The Last Universal Common Ancestor (LUCA), the hypothetical single-celled organism from which all known life on Earth descends, remains one of science’s most profound mysteries. Though direct fossil evidence of LUCA has long vanished, a powerful new approach offers a path to uncovering details about this primordial being—by studying ancient genes that persist in every living organism today.

Hydrothermal vents along mid-ocean ridges in the Atlantic Ocean emit dark plumes rich in minerals and chemicals, creating unique ecosystems far beneath the sunlit surface. These deep-sea environments host life forms thriving without sunlight—relying instead on chemical energy from hydrothermal fluids. Scientists now believe such extreme habitats may have provided the cradle for early life, possibly even LUCA itself.

Over 4.5 billion years, life gradually colonized Earth, leading to today’s vast biosphere teeming with billions of species and trillions of tons of biological matter. Yet, what exactly happened during this earliest phase—how life first emerged and evolved—is still largely unknown. Most traces from that era have been erased by time and geological processes.

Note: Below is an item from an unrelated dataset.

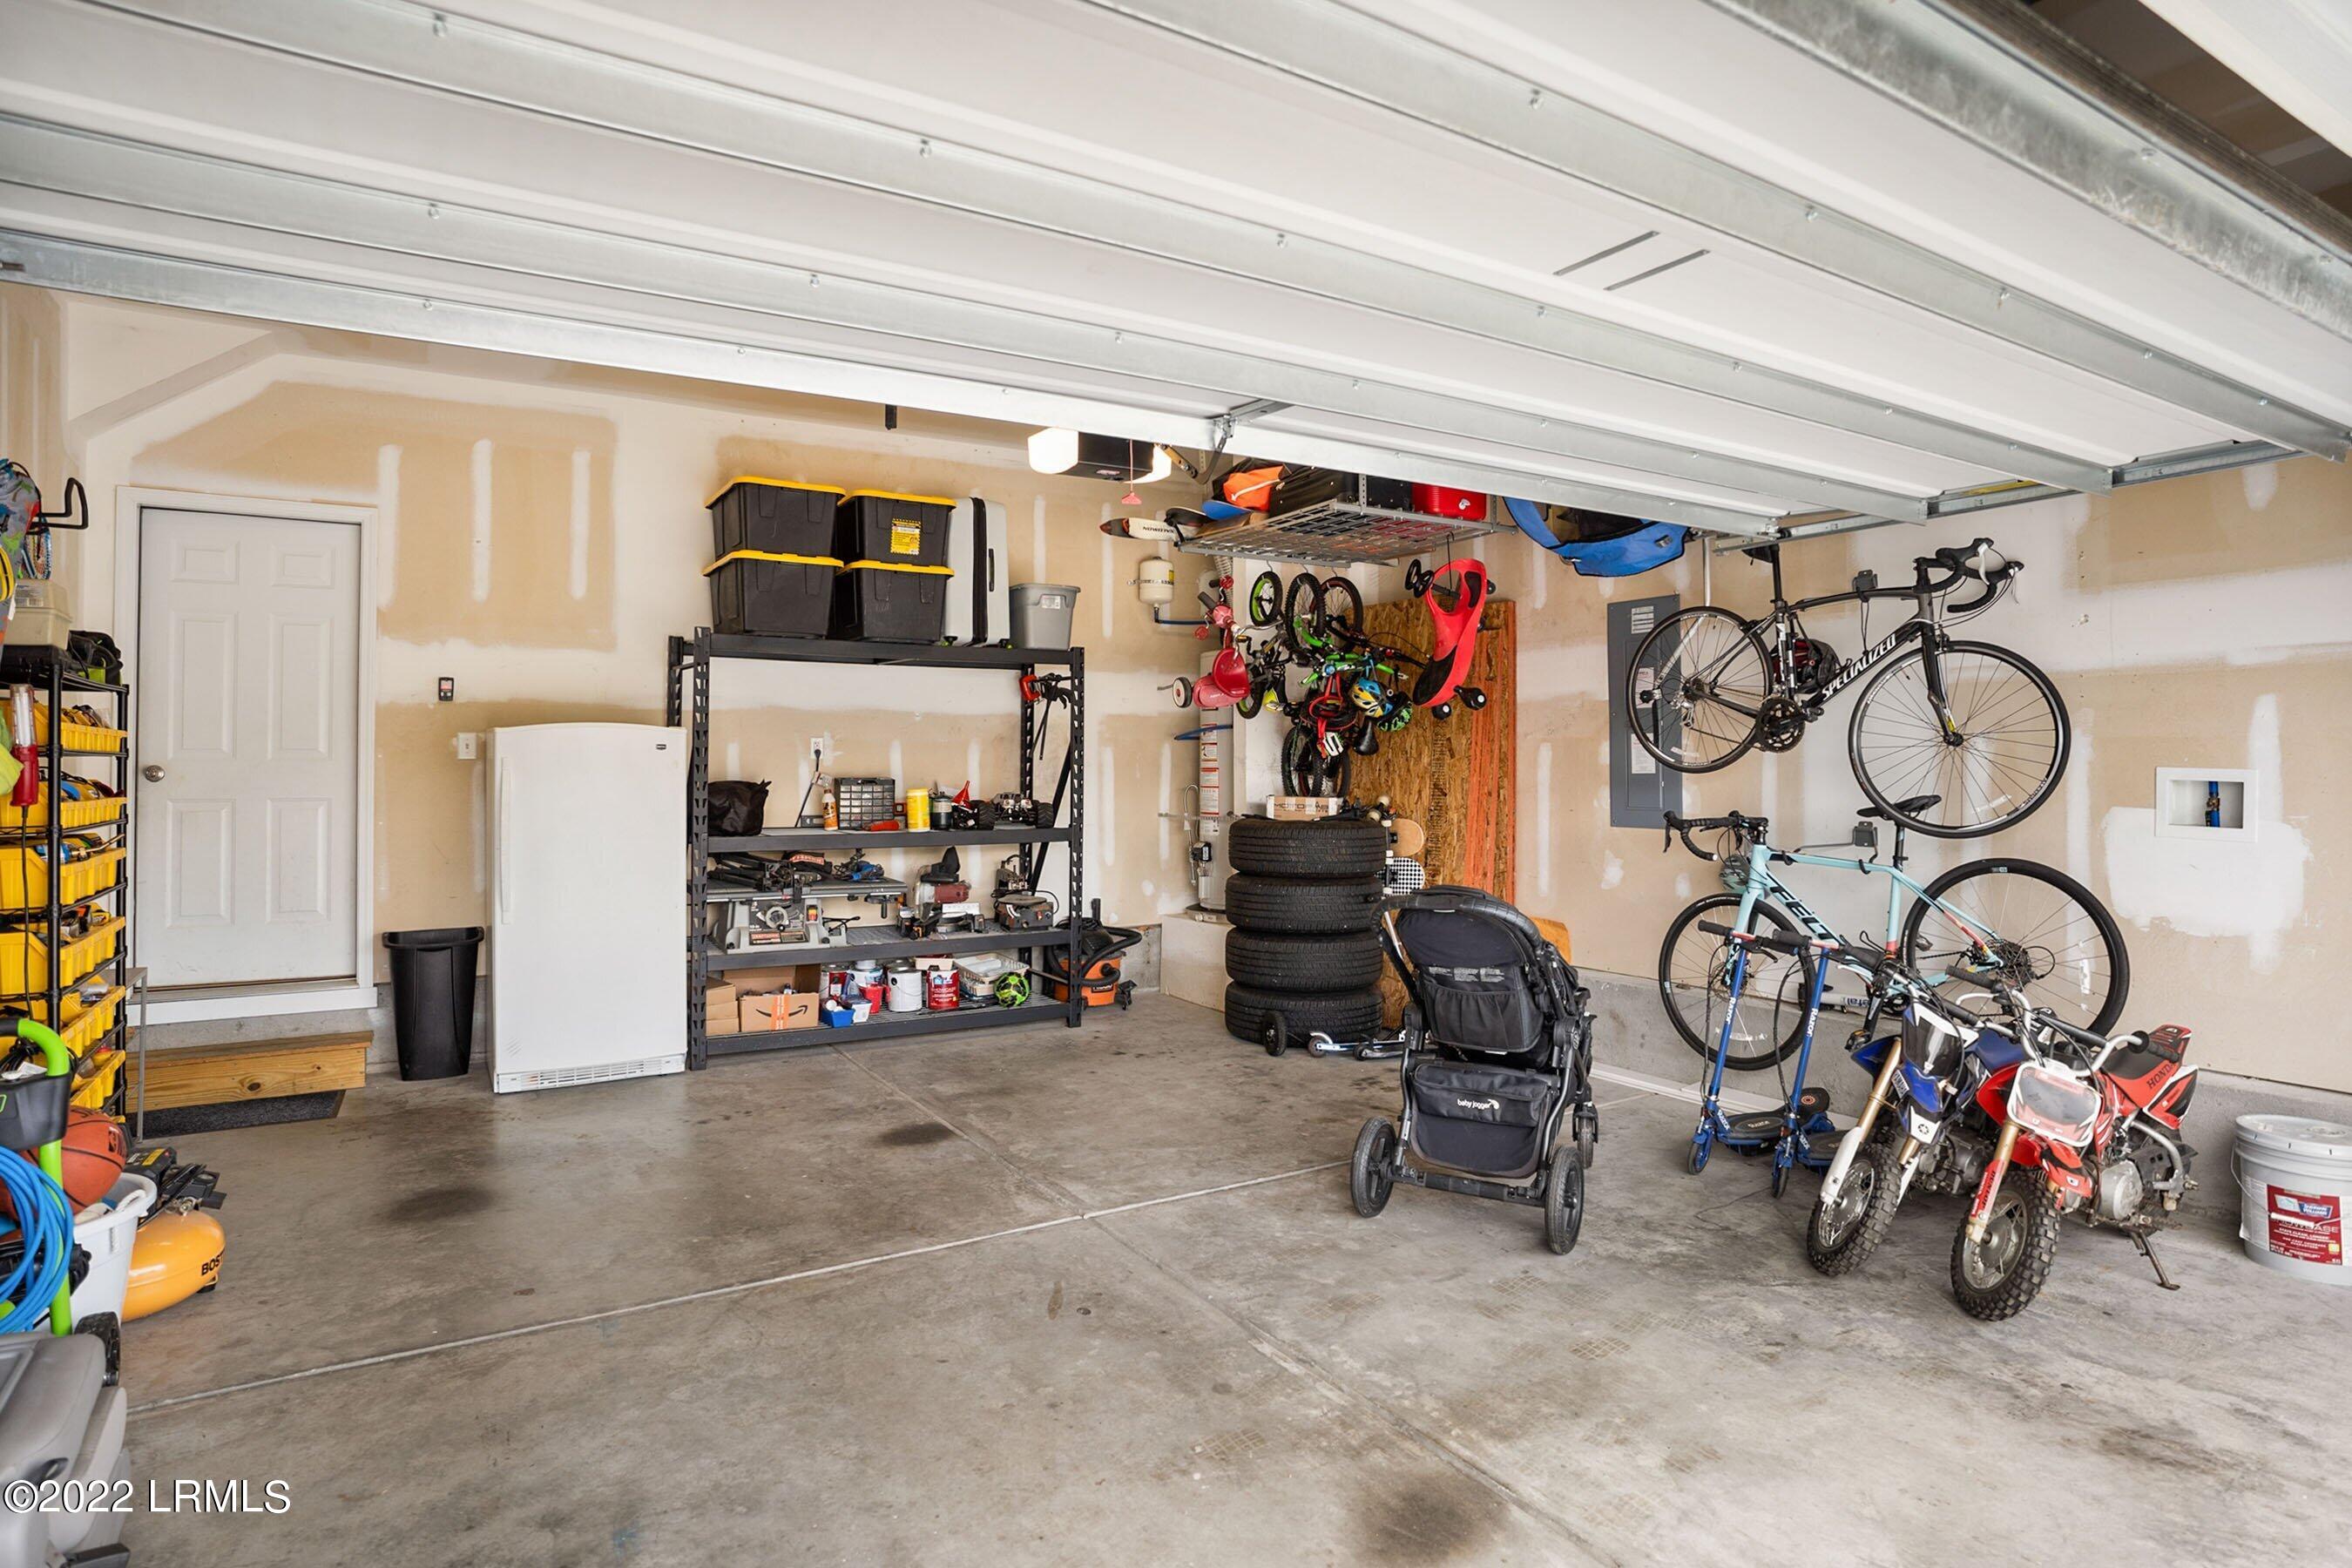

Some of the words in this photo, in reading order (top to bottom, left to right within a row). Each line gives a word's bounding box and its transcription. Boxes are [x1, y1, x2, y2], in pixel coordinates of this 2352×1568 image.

[1821, 633, 1896, 700] SPECIALIZED
[1767, 873, 1846, 946] FELT
[2146, 1063, 2174, 1089] HOND
[1457, 1098, 1472, 1108] baby

The key breakthrough lies in the preservation of genetic information within every living cell. DNA acts as a microscopic time capsule: faithfully storing and retrieving biological instructions across eons. By comparing DNA sequences, scientists can reconstruct evolutionary histories. The shared genes among all organisms point back to LUCA—a single ancestral life form that lived in Earth’s distant past.

Recent research suggests LUCA was not primitive but surprisingly complex—potentially adapted to life near hydrothermal vents. This modernity is troubling for science: it implies less room for discovering how the very first cellular forms developed their basic functions.

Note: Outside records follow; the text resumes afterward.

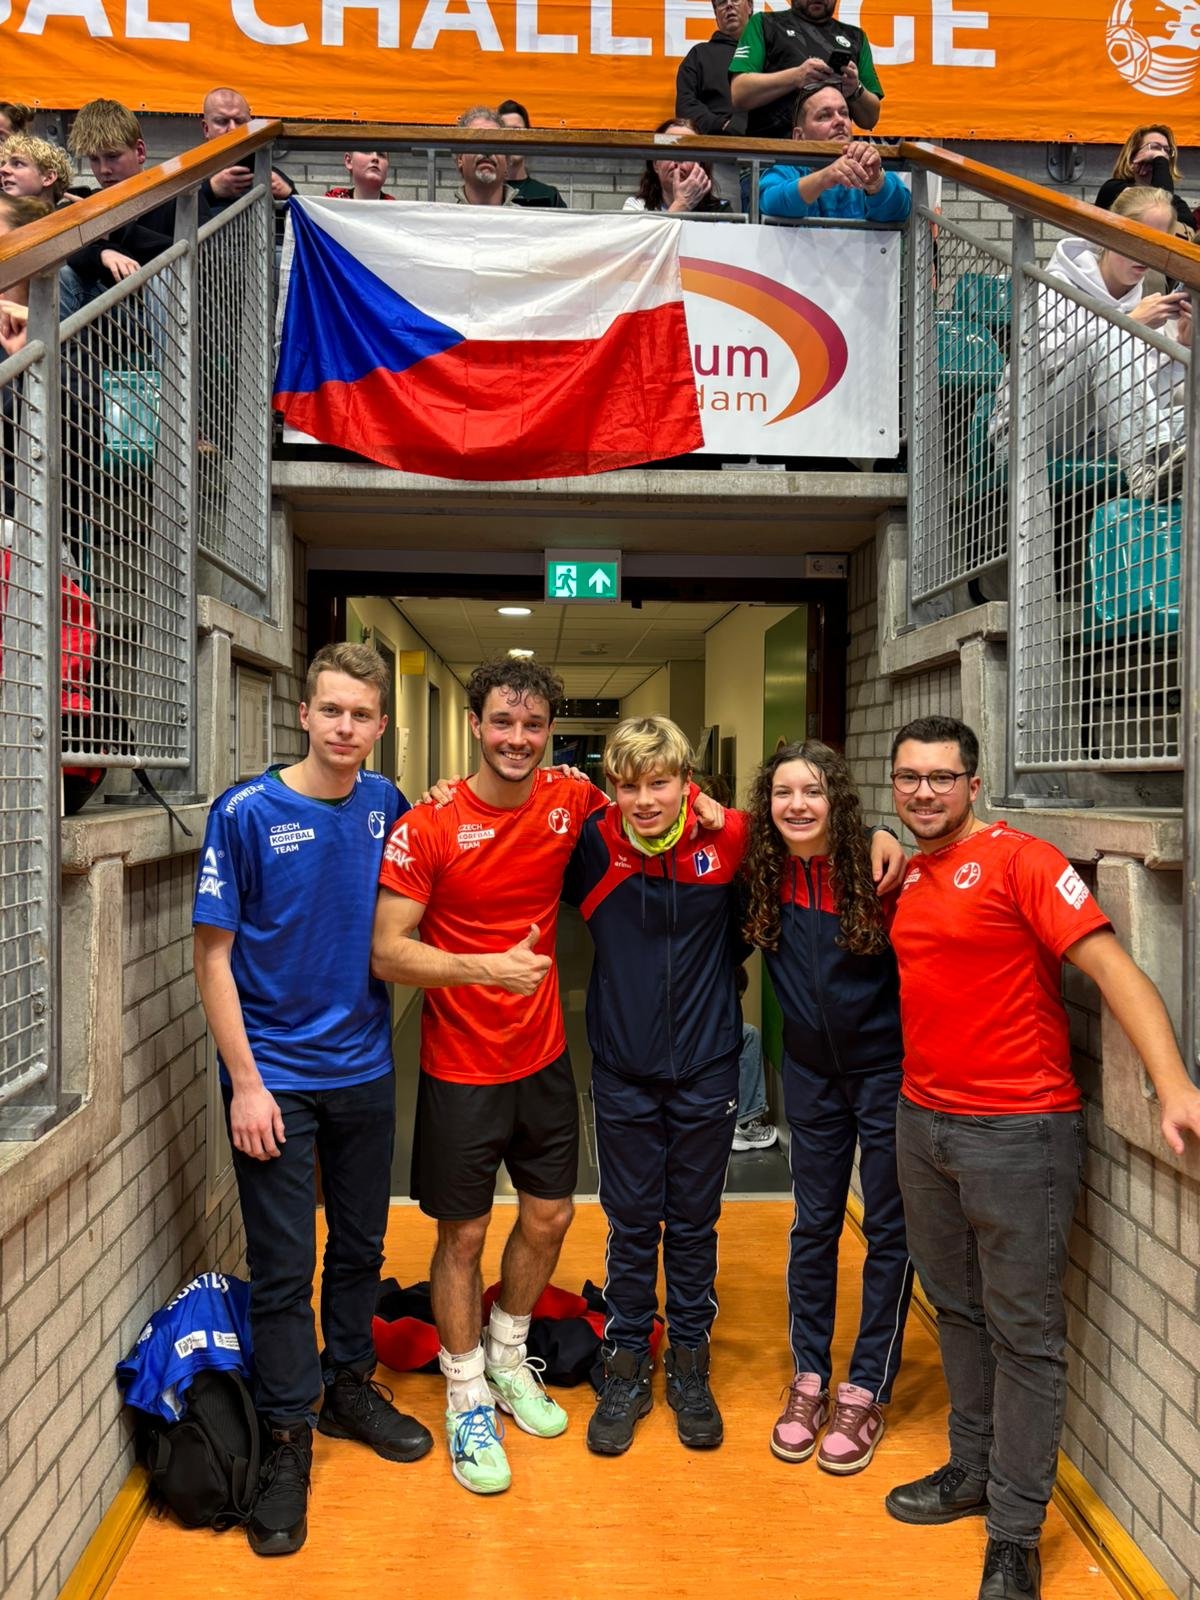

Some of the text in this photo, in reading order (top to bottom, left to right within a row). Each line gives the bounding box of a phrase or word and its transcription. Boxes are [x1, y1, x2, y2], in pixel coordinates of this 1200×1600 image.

[231, 0, 996, 68] CHALLEGE
[270, 822, 300, 834] CZECH
[270, 830, 313, 844] KORFBAL
[273, 843, 299, 855] TEAM
[459, 840, 481, 850] TEAM

A new study published in Cell Genomics now offers a promising method to peer beyond LUCA’s time. Led by researchers from Oberlin College, MIT, and the University of Wisconsin-Madison, the team identified a family of genes that may be older than some genes assigned to LUCA itself. These are paralogous genes—copies arising from gene duplication events—that occur across all domains of life.

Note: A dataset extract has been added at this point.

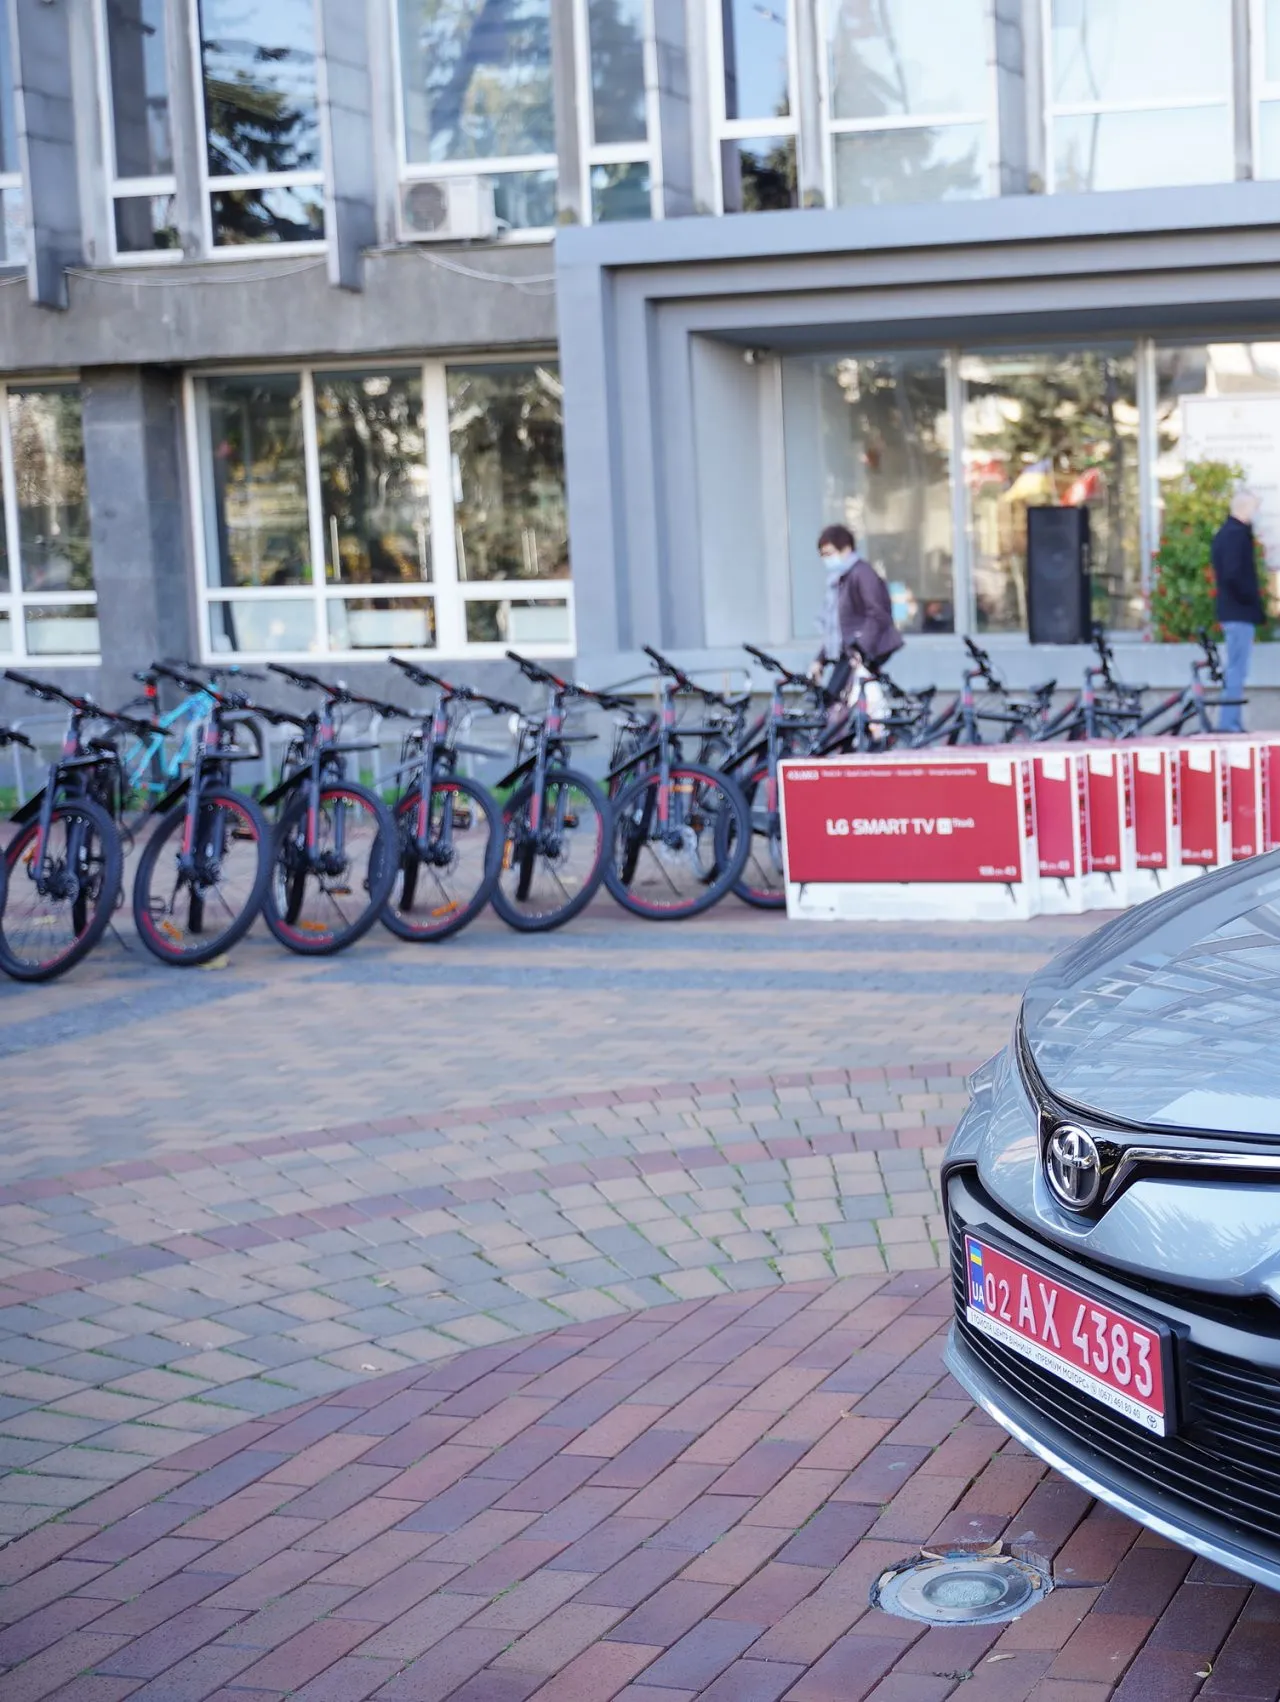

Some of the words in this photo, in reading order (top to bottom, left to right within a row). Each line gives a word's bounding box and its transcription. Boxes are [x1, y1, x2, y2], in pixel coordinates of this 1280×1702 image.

The study focuses on universal paralogs: genes found in multiple copies in every organism and inherited from a common ancestral gene. Their presence in nearly all life forms suggests they originated long before the last universal ancestor existed, offering clues about pre-LUCA biology.

One such family controls the embedding of proteins into cell membranes—a fundamental process essential for cellular function. The researchers reconstructed the original form of one protein from this family and found it still capable of performing its critical role, despite billions of years of evolutionary change.

This discovery opens a new window into life’s earliest stages. Although only a few universal paralogs are known today, they represent some of the oldest biological building blocks—offering rare access to events predating LUCA itself.

“The story of these universal paralogous genes is the only direct evidence we will ever have about Earth’s first cellular lineages,” says Betül Kaçar from UW-Madison. “We must carefully extract as much knowledge as possible from them.”

Greg Fournier of MIT adds: “By following ancient gene lineages, we can connect modern science with life’s deepest past. These genes give us the chance to turn profound biological unknowns into testable scientific discoveries.”

With future advances in artificial intelligence and molecular reconstruction techniques, this approach may finally allow scientists to answer long-standing questions about how life first emerged—not just from LUCA, but even before it existed.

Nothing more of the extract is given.